Os jovens, simplesmente acusados dos desmandos que praticam, porque os praticam daqui até aos mesmos confins dos anteriormente referidos, estão a ser vítimas de uma má comunicação e de uma deficiente forma de transmitir a informação disponível; a da própria realidade.

Se isto fosse simples, tal como é comunicar entre políticos, onde todos falam a mesma linguagem de conveniência e oportunidade, estaria o problema resolvido.

Acontece que os adolescentes e os jovens são mais exigentes e menos calculistas porque têm um horizonte para além de quatro anos.

Uma vez mais se verifica que os governantes, daqui até aos confins, não sabem comunicar com os jovens. Não sabem como falar com eles. Tem-se visto que a mensagem não passa.

Que alternativas lhes propõem para o pós confinamento?

Não têm propostas STOP

Por exemplo:

Dada a impossibilidade de fazer os tão expectáveis quanto ambicionados festivais de verão, que alternativas lhes apontam para este verão? Verão que não têm nada para propor! Porventura nem sequer foi preocupação.

A Economia não pode ficar eternamente confinada. Sabemos.
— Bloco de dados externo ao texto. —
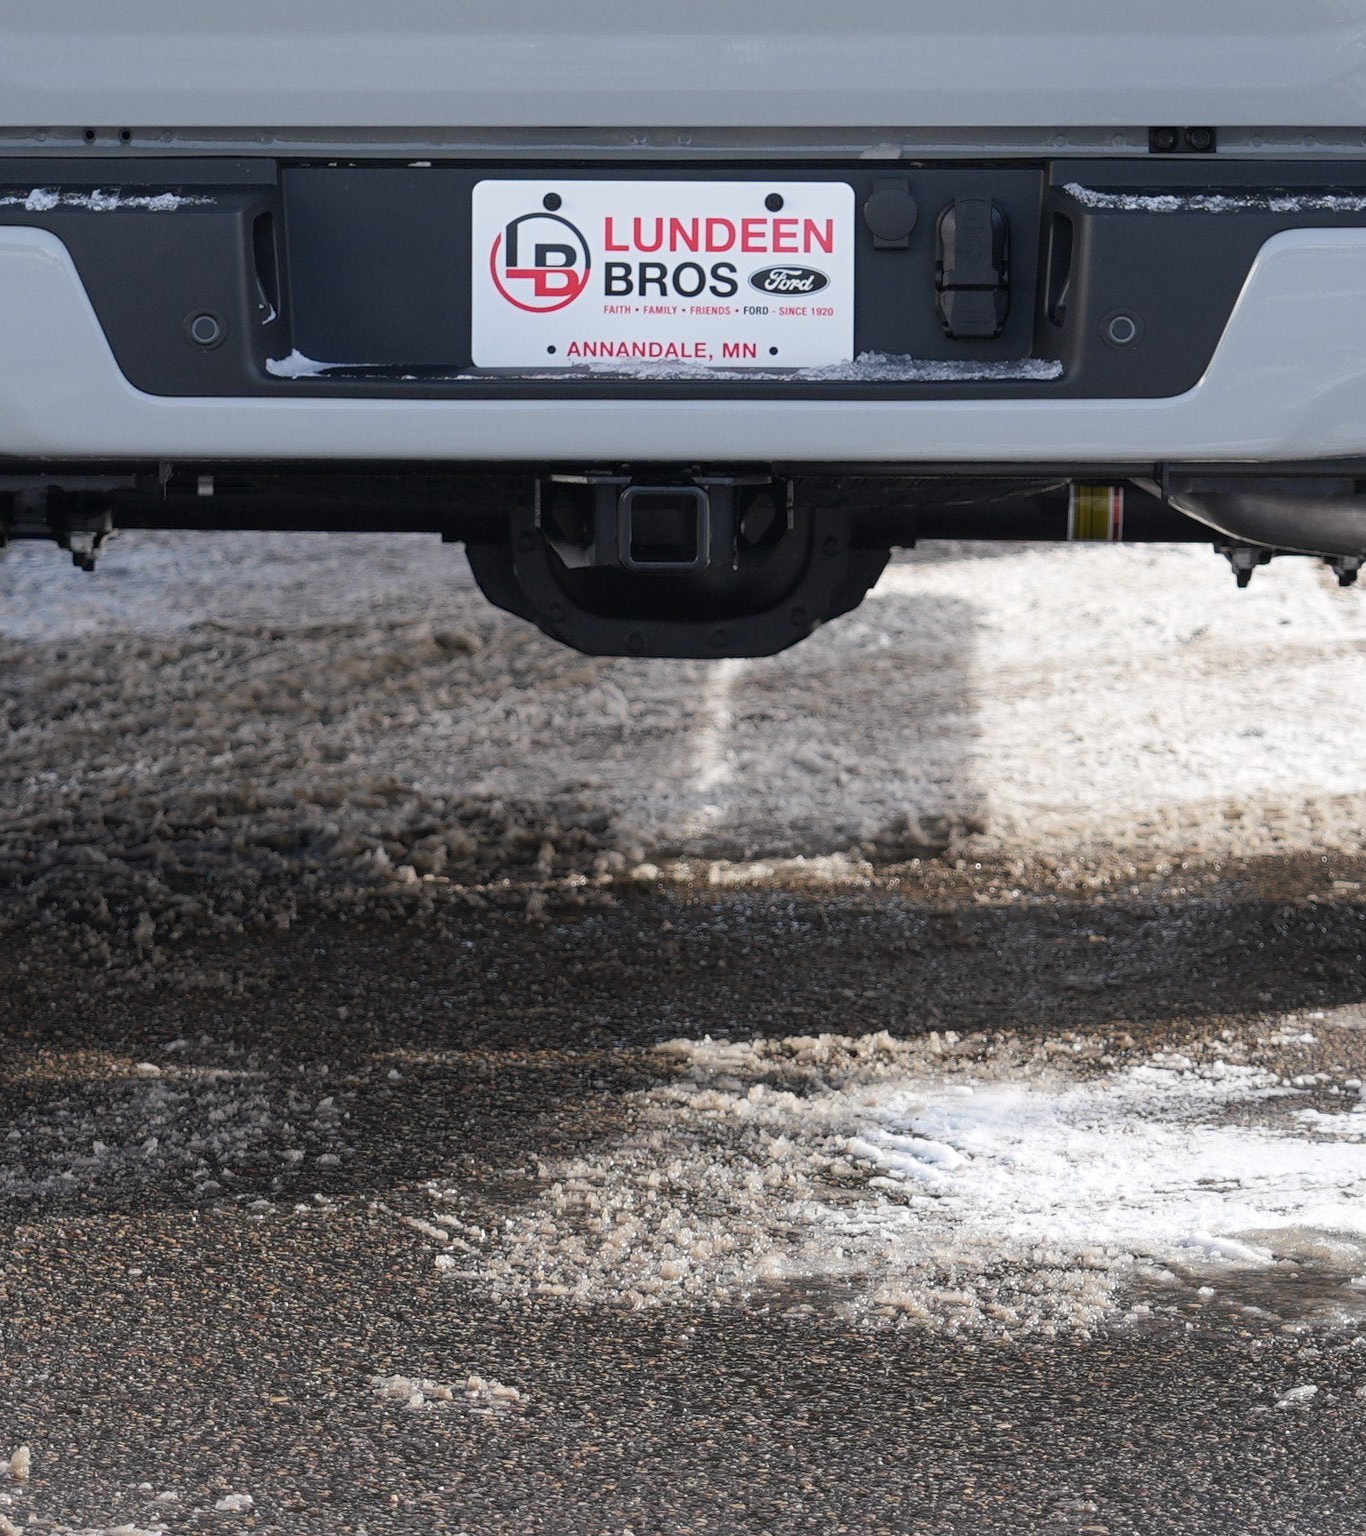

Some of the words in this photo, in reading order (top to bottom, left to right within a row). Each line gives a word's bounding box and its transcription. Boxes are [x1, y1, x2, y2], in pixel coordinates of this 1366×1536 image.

Mas, se fosse assim tão simples fazer, como simples é propalar:

‘Nós (?) temos de...’;

‘Nós (?) temos que…’;

‘Os portugueses (?) têm de…’;

‘Os portugueses (?) têm que…’.

Novamente o problema estaria resolvido.

Os jovens estão fartos de promessas e, por natureza, não se conformam com palavreado inconsequente. Necessitam de concretizações. Se não as tiverem disponíveis vão, eles mesmos, construi-las com a capacidade que têm, para (re)inventar.

É genético e saudável que assim seja e só não sabe ou não percebe, quem já tiver perdido a memória.

Haveria que consciencializar, de forma pedagógica e descodificada essa faixa etária, para a realidade presente.

Com que eficácia foi transmita a mensagem para que os jovens interiorizassem o real problema presente? ZERO de eficácia, daqui até aos confins!

Não basta viver da política e na política para ficar a saber comunicar para fora da mesma, como se políticos fossem todos, mesmo os que não o querem ser.

Que não se queixem [os políticos], por culpa desta e de outras suas incapacidades, para o facto de não estarem a saber atrair os jovens para a política onde, em cada dia que passa, maior é o divórcio da juventude com aquela classe. É uma realidade. São eles mesmos, os jovens, que o afirmam.

Não se sentem atraídos e vá-se lá saber porquê…

Entretanto, as extremas agradecem – reconhecidas – tal incompetência.

Só não enxerga quem não souber olhar!